Most of the puzzles take place in the phobia episodes, and they aren't easy; a few of them, in fact, verge on the unfair. The worst case involves an object that you have to destroy in order to use--and it's an object that seems like it would be useful in its original states for solving the puzzle at hand. The solutions are logical, but in a few cases in particular, there isn't much in the game to signal that you're on the right track, so things are harder than they should be. Adding to the difficulty is a guess-the-syntax problem in one episode that may prevent you from realizing that you're on the right track even when you are. The last puzzle suddenly introduces a time limit, and it's a pretty tight time limit at that--you're likely to miss it a few times while you're figuring out what the game wants of you. There's a comprehensive hint system, so the problems aren't intractable, but it'd be nice if the game's execution were as good as its concept; puzzles as hard as these risk requiring so much mental energy of the player that he/she loses sight of the plot, which is the best thing the game has going for it.

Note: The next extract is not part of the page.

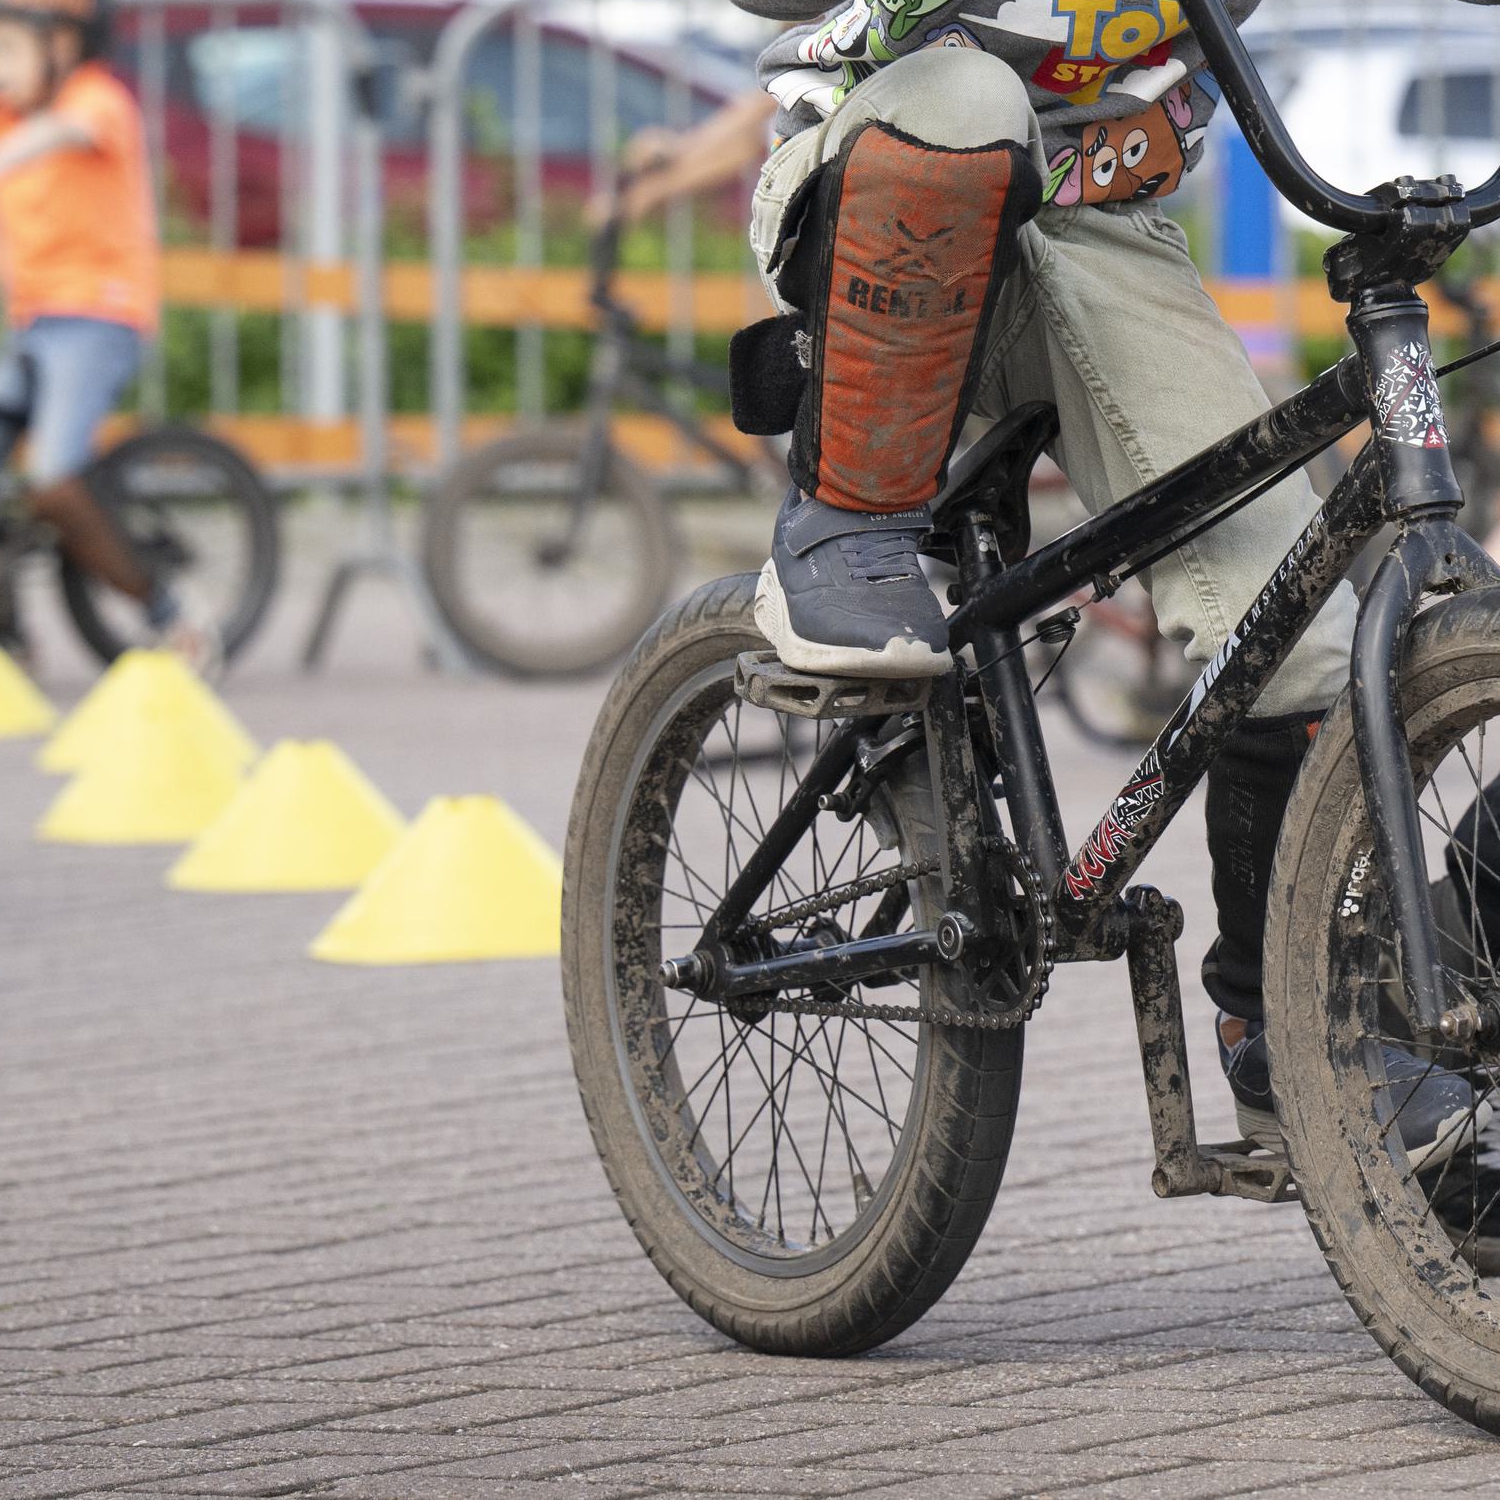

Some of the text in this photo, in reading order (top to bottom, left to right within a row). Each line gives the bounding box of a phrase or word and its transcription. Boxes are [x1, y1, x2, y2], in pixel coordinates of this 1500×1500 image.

[848, 276, 966, 318] RENTL
[1242, 508, 1327, 636] AMSTERDAM
[1065, 806, 1137, 900] NOVA

The concept is good enough to overcome the game design problems, though, and it's not simply an excuse for outlandish puzzle settings. The PC's neuroses are sufficiently real that failing to do certain things to keep them at bay actually kills you; saying "snap out of it" to the PC isn't an option, of course. In that sense, you're forced to be the character in a way that's still uncommon in IF (and was even more so in 1996, before experimental IF was in vogue). The vividness of the setting lies not in what you see but in how you experience it--i.e., through the eyes of the phobic PC. It may not sound revolutionary, but getting the player to focus not on the PC's external goals but on the internal barriers he has to clear represents a real shift in goal-orientation--and even if the puzzle-solving gets projected into external tasks, it's still worth pondering. (That is, you don't actually delve into your own head, a la Losing Your Grip--though one scene comes close. But what's in your head is sufficiently close to the surface throughout the game that your puzzle-solving is almost the same thing.)
As a set of challenging puzzles or as an exercise in atmosphere, Fear works, on the whole--well enough to be worth rediscovering five years later.